Single by Pablo Alborán featuring Carminho

from the album En Acústico
- Released: 3 October 2011
- Recorded: 2010–11
- Genre: Fado
- Length: 4:16
- Label: EMI Music
- Songwriter(s): Pablo Alborán
- Producer(s): Manuel Illán

Pablo Alborán singles chronology
| "Miedo" (2011) | "Perdóname" (2011) | "Cuestión de Príoridades por el Cuerno de África" (2012) |

= Perdóname (Pablo Alborán song) =

"Perdóname" is a song by Latin Grammy nominated Spanish singer Pablo Alborán, from his self-titled debut album. A concert in Madrid in May 2011 was recorded as a duet with Carminho and released the lead single from his live album, En Acústico in November 2011.

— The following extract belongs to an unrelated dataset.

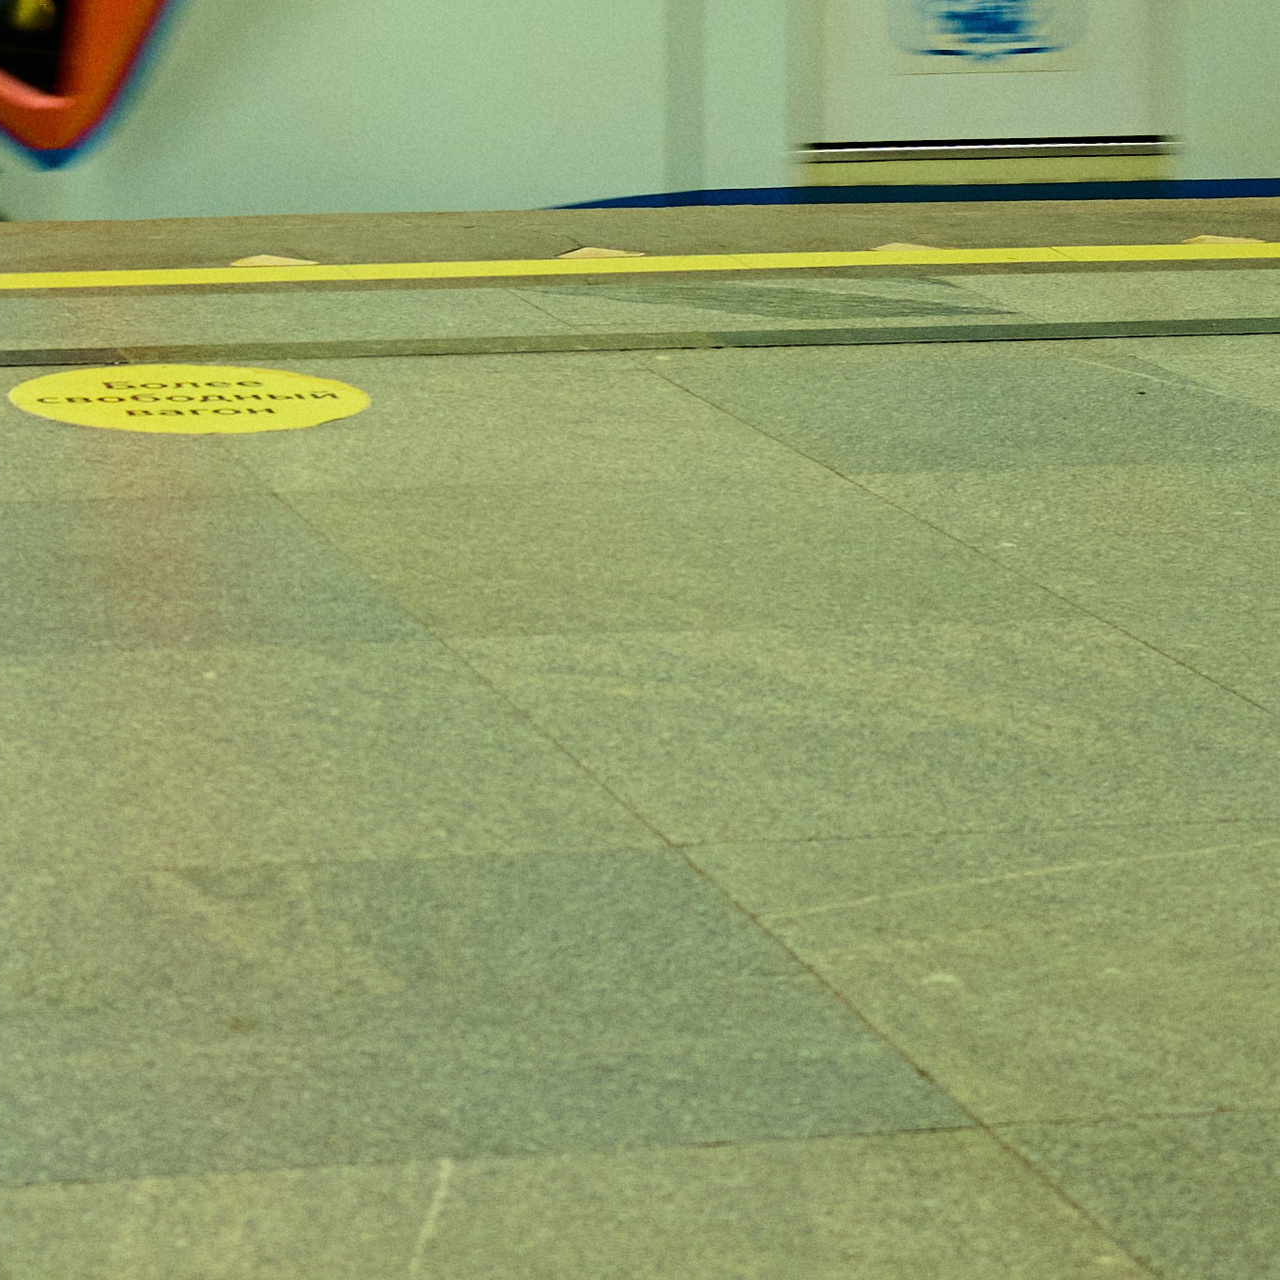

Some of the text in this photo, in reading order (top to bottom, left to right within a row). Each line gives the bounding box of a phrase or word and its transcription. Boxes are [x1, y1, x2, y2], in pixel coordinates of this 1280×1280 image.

[102, 380, 263, 390] Более
[37, 390, 339, 404] свободный
[126, 407, 276, 417] вагон

The live single was released on 3 October 2011 as a digital download in Spain. The song was written by Pablo Alborán and produced by Manuel Illán. It features a duet with Portuguese fado singer Carminho.

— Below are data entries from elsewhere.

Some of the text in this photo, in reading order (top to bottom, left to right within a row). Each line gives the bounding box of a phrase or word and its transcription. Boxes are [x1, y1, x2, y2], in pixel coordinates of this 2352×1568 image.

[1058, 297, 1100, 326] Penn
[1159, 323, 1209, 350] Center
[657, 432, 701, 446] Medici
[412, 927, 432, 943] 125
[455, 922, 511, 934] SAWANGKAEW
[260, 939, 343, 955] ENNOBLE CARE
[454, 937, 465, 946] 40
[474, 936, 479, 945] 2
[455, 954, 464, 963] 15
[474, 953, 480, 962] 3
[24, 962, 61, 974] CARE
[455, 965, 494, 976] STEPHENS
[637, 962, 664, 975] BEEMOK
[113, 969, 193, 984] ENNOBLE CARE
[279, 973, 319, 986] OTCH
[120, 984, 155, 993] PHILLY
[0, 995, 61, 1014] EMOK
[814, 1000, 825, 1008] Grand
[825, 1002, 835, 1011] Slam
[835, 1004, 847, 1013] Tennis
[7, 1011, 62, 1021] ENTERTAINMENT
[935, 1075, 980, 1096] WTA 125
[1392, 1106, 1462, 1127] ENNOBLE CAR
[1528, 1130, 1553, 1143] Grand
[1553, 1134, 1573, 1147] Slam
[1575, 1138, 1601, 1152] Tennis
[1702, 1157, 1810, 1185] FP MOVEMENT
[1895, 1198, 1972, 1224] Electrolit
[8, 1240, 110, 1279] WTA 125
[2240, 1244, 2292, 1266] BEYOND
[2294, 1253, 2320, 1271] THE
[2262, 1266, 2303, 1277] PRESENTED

The song is the theme of the Brazilian telenovela A Lei do Amor starring Cláudia Abreu and Reynaldo Gianecchini.

==Video==
The music video was shot in Lisbon, Portugal, and features Alborán and Carminho ambulating by some of the most typical sights of the Portuguese capital.

==Track listing==

Digital download
| No. | Title | Length |
|---|---|---|
| 1. | "Perdóname" | 4:16 |

==Chart performance==
The song debuted at number 7 on the Spanish Singles Chart on the week of release, and reached the top spot on 13 November 2011, becoming Alborán's second number-one single.

===Weekly charts===

| Chart (2011) | Peak position |
|---|---|
| Spain (PROMUSICAE) | 1 |
| Portugal Digital Songs (Billboard) | 1 |

===Year-end charts===

| End Of Year (2012) | Peak position |
|---|---|
| Spain (PROMUSICAE) | 8 |

==Certifications and sales==

Certifications and sales for "Perdóname"
| Region | Certification | Certified units/sales |
| Portugal | — | 25,000 |
| Spain (PROMUSICAE) | Platinum | 40,000^{*} |
^{*} Sales figures based on certification alone.

==Release history==

| Region | Date | Format | Label |
|---|---|---|---|
| Spain | 3 October 2011 | Digital download | EMI Music |

==See also==
- List of number-one singles of 2011 (Spain)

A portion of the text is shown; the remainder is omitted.